ただし被害者はADRの決定に従わなくてもよいので、納得できなければADRでは解決できません。
※相手が加害者本人のケースなどの場合、審査は利用できず解決が難しくなります。
裁判
裁判は裁判所に訴えを提起して、裁判官に損害賠償金の金額を決定してもらい、加害者への支払い命令を下してもらうための手続きです。示談や調停とは異なり強制力があるので、加害者や被害者が納得しなくても解決できます。
訴訟で認められるのは、法的に正しい主張と証拠によって証明された事実のみです。
そこで勝訴するためには適切に主張を行うとともに、主張内容を補強する証拠が必要となります。
示談や調停がスムーズに進まず決裂した場合の裁判の進め方
交通事故後、示談が不成立になった場合には、調停や裁判などの手続きを検討しなければなりません。弁護士に依頼せず、調停やADRを利用しても解決できなければ、最終的に裁判するしか解決方法がなくなります。

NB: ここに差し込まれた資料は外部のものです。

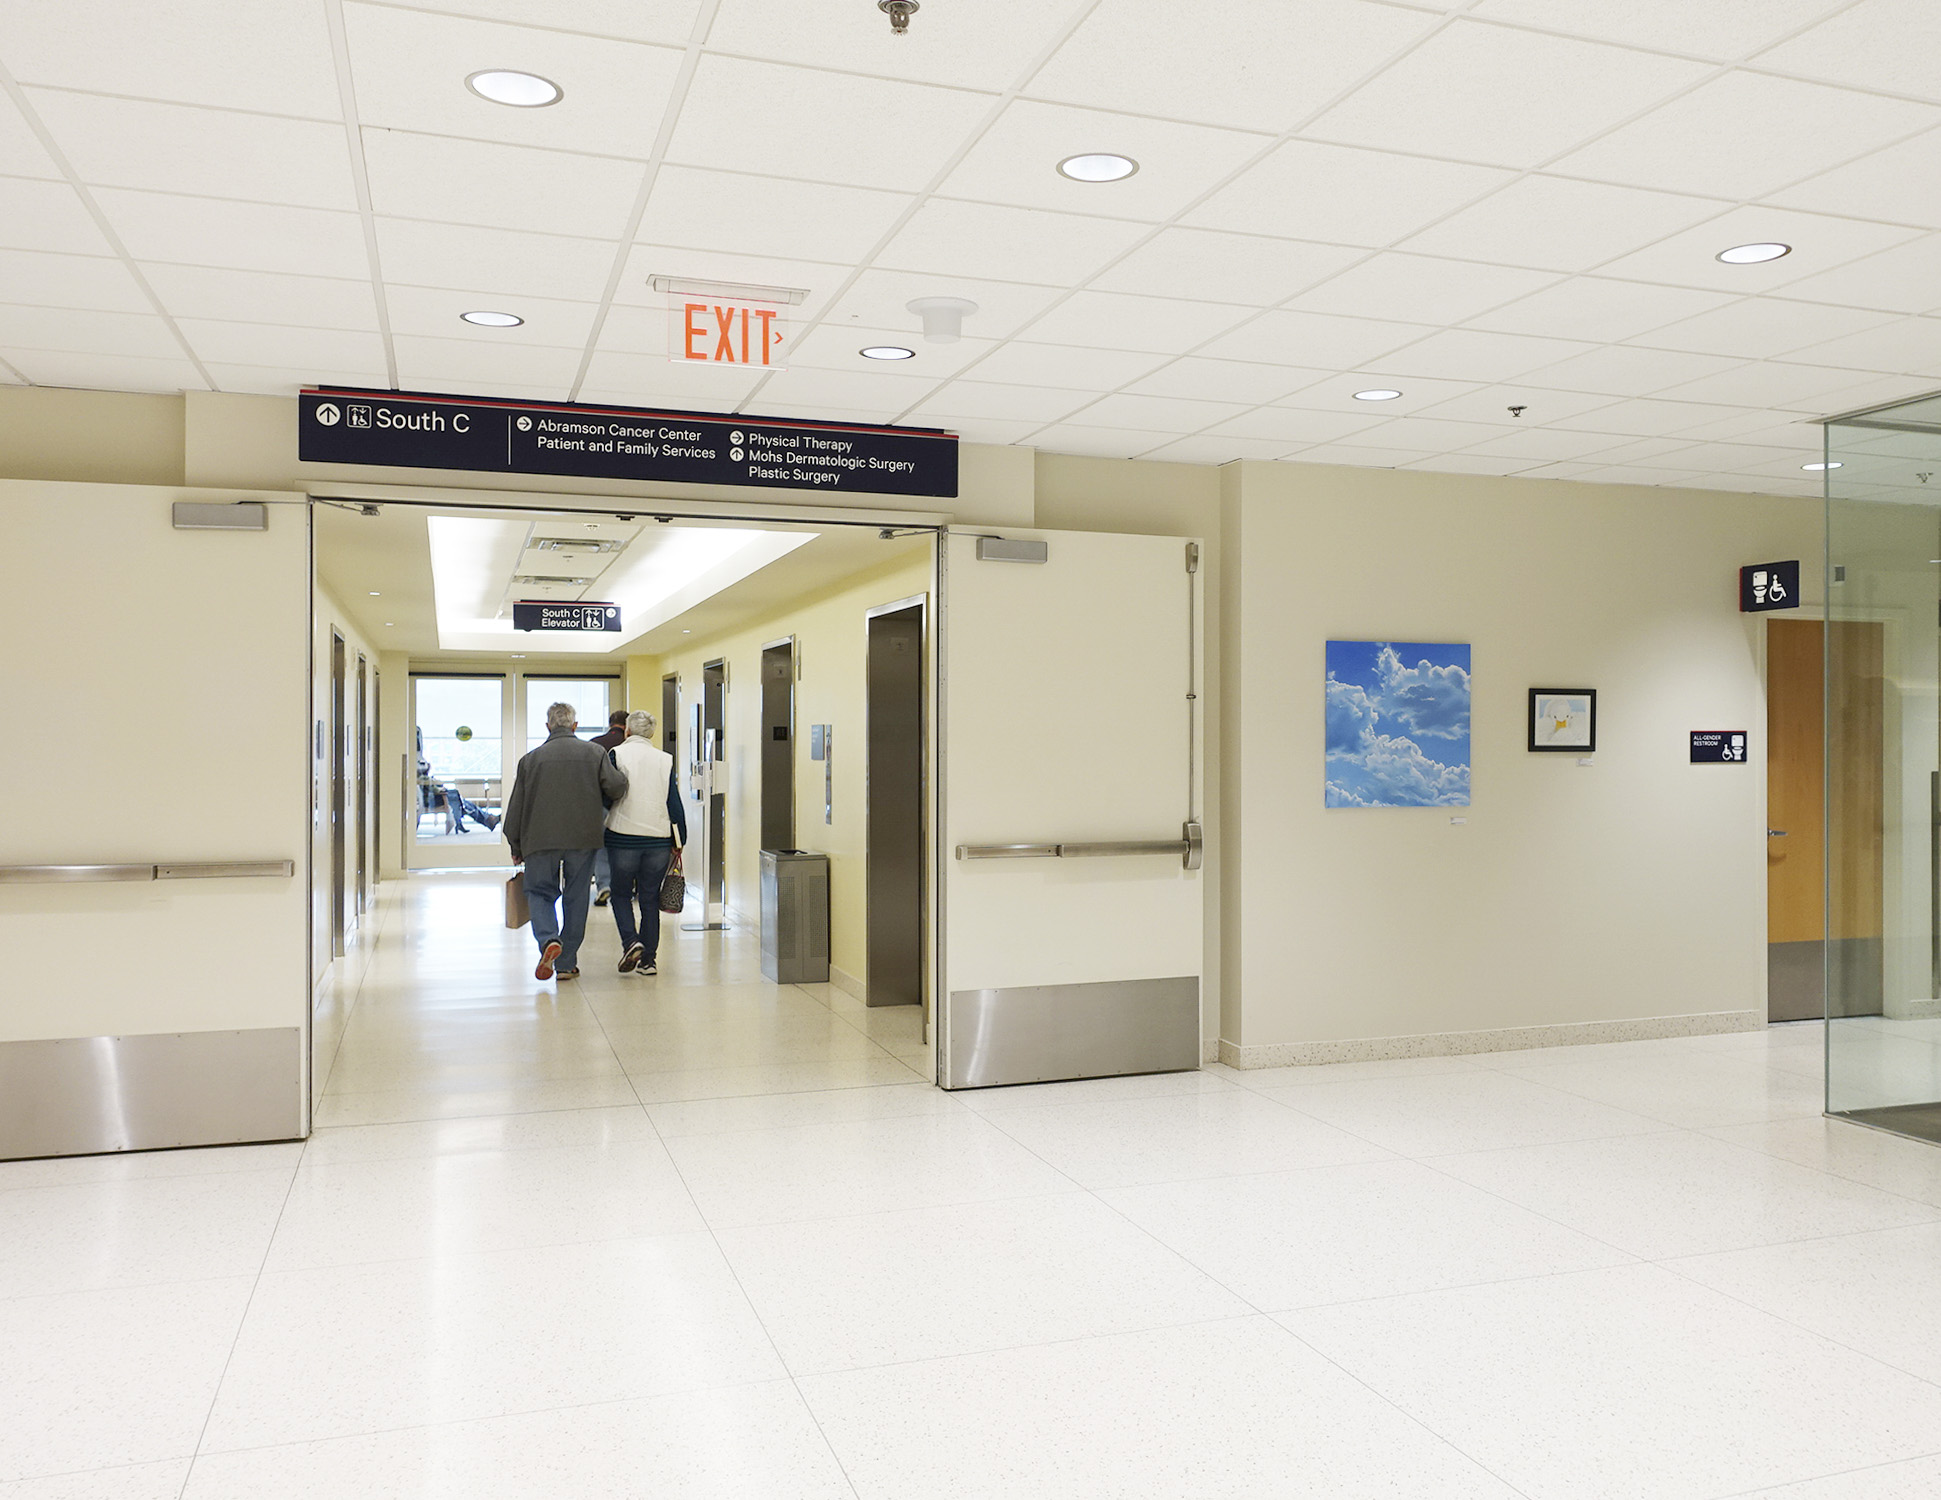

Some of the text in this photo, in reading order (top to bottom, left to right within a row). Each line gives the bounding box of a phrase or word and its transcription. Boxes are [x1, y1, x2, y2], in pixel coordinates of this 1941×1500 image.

[684, 303, 776, 365] EXIT
[376, 408, 470, 433] South C
[537, 419, 702, 442] Abramson Cancer Center
[537, 436, 716, 459] Patient and Family Services
[749, 433, 853, 454] Physical Therapy
[749, 449, 915, 473] Mohs Dermatologic Surgery
[749, 465, 841, 485] Plastic Surgery
[541, 618, 580, 628] Elevator
[542, 608, 580, 618] South C

交通事故で裁判になった場合、どのようなことに注意が必要か説明します。
法的な主張を行う必要がある
裁判では、裁判官は法律に従って判断します。
※自分の主張を認めてほしければ、法的に正しい主張をしなければなりません。
「こんなに痛いのに」「加害者が嘘をついている」「加害者が悪い」などと言っても、法的な意味を持たない主張であればすべて排斥されます。裁判官は、同情では判決を書いてくれないのです。

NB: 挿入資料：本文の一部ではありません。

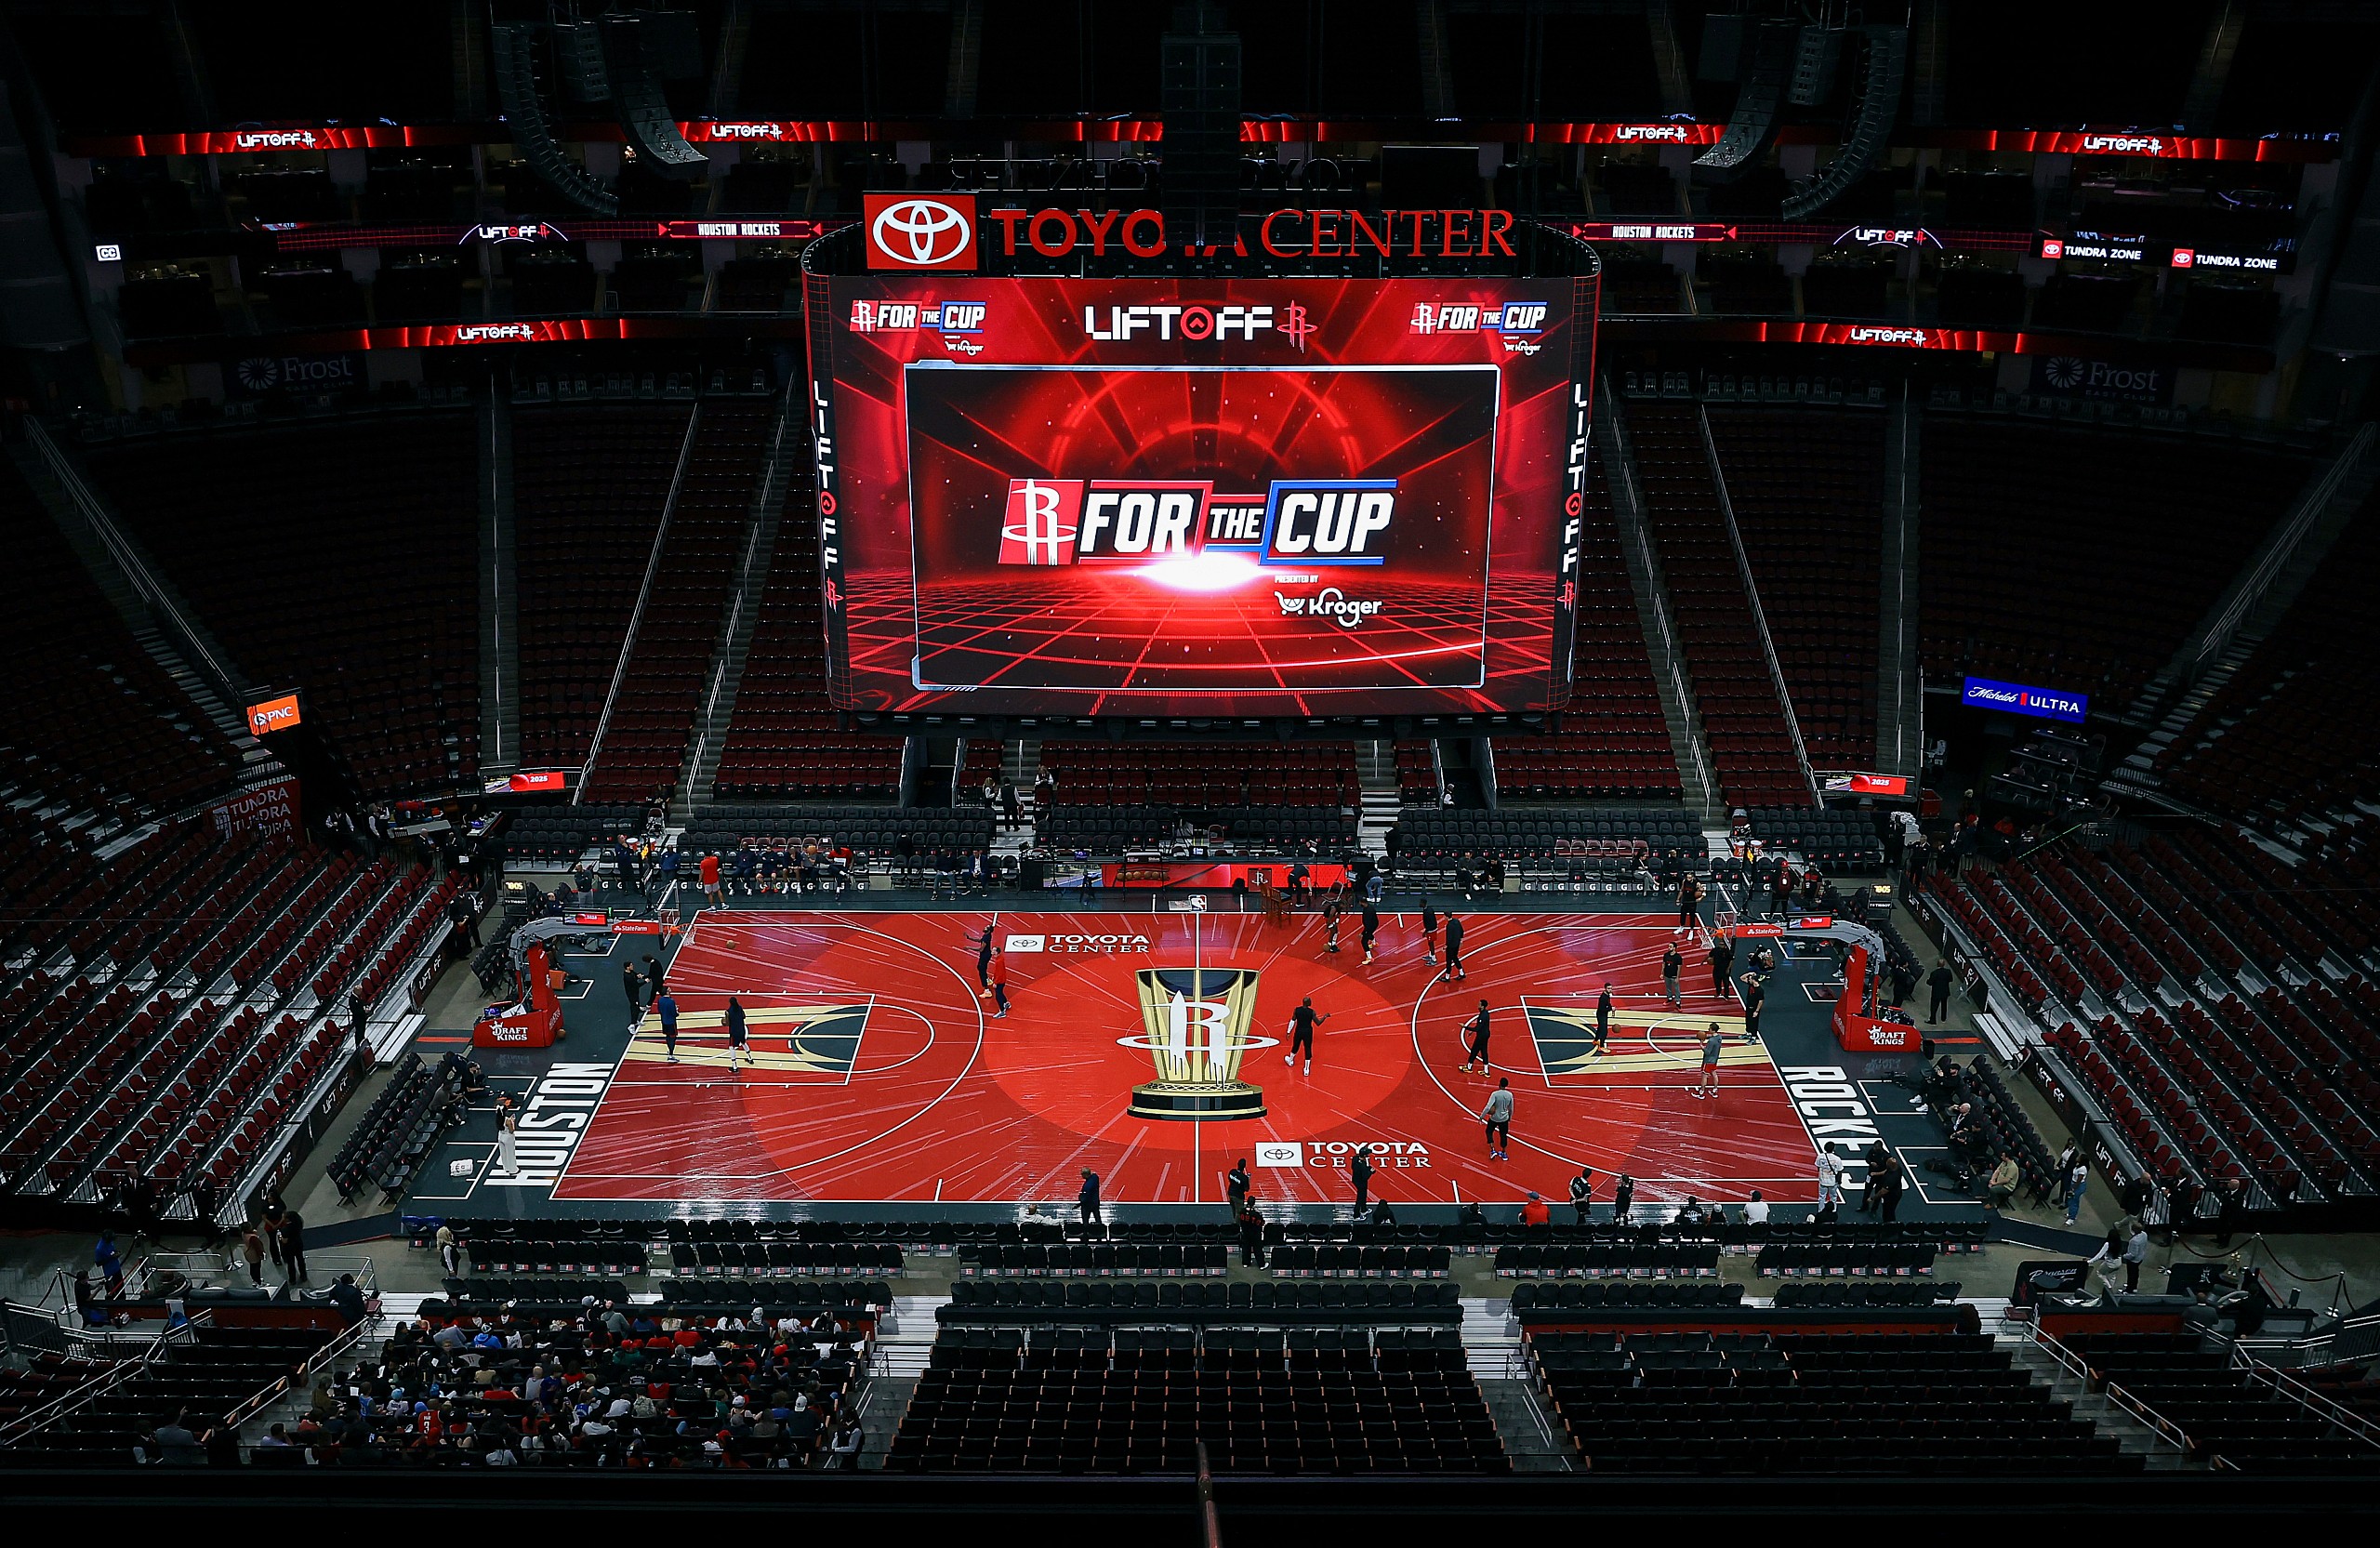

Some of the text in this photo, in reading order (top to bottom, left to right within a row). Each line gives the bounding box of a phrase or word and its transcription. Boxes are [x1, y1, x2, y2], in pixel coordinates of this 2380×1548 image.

※被害者側に有利な判決を得たければ、法律の考え方や基準を正しく理解した上で、それに従った対応が必要となります。
証拠が必要
裁判は「証拠主義」です。いくらそれらしき事実であっても、証拠によって立証されていなければ認められません。
※自分の主張を認めてほしければ、それを立証できるだけの十分な資料を集めてくる必要があります。「どのような証拠が必要かわからない」「どうやって集めたらよいかわからない」状態では、裁判に負けてしまいます。
負けると示談以上の不利益が及ぶ
示談を決裂させて裁判を起こす場合、被害者は「加害者側の提案は不当で、到底受け入れられない」と考えているものです。ただし裁判をしたからといって、必ずしも相手の提示条件よりよくなるとは限りません。裁判は、基本的に勝つか負けるかで、0か100しかありません。示談交渉では、通常相手は0ではなく一定の提案をしているはずなので、
裁判で負けると示談以下の条件となってしまう可能性があります。
これを「敗訴リスク」と言いますが、裁判を起こすときには必ず敗訴リスクを理解しておく必要があります。
弁護士に依頼することが必須
裁判には法的な主張や的確な立証が必要であり、専門的な対応をしなければなりません。よって素人の方が1人で臨むと、大きく不利になってしまいます。特に相手に弁護士がついているのにこちらについていない場合、圧倒的に不利です。
★相手が保険会社の場合、ほぼ確実に弁護士をつけてくるので、こちらも裁判を起こすのであれば、必ず弁護士に依頼しましょう。弁護士にもいろいろな取扱い分野があるので、できるだけ「交通事故が得意」な弁護士を探し、現状を相談して依頼するのがよいでしょう。